Tag Archive: God


For All The RAGE that's fit to print (and kindle)

          For All The RAGE that’s fit to print (and kindle)

Now Dig This Here:

http://www.legumeman.com/samples%20and%20freebies/The%20Place%20In%20Between%20-%20Reverend%20Steven%20Rage%20Sample.pdf

Some earlier Rage. Back before The Reverend got Grim. Courtesy of Legumeman Books! And if you’re still not convinced, here’s 2 nice reviews:

The Place In Between by Reverend Steven Rage

The Place In Between by Reverend Steven RageReview: The Place In Between by The Reverend Steven Rage (Legume Man Books, 2010)

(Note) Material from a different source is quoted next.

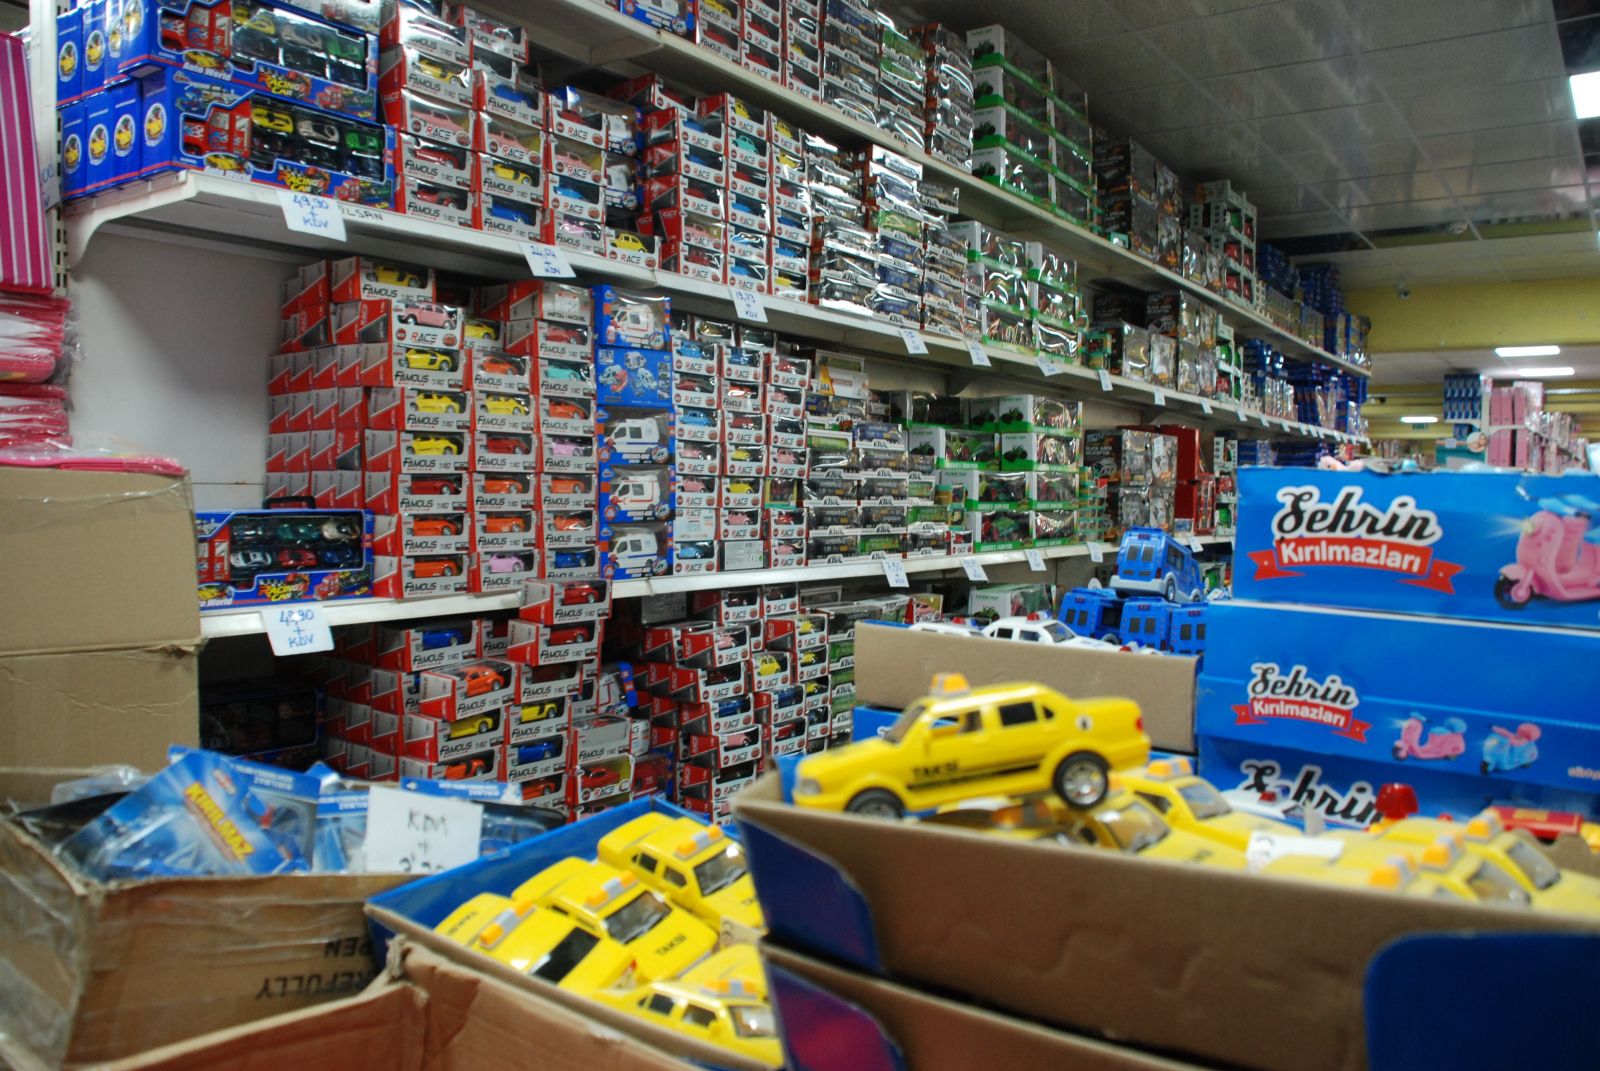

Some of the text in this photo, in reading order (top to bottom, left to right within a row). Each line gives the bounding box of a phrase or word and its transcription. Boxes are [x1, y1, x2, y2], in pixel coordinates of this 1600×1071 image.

Let’s get this out of the way first: you are not ready to read this book. You might never be ready. So do yourself a favour and forget about it. This is a perfect storm of wrong. An unholy union of bizarro, relentless horror and unbounded, amoral imagination. The Reverend Steven Rage also goes by the moniker ‘The Grim Reverend’. There is reason for that, good reason. Stay away. Go and read Twilight 5: Return Of The Angsty Teen Vampire Underwear Models. Seriously.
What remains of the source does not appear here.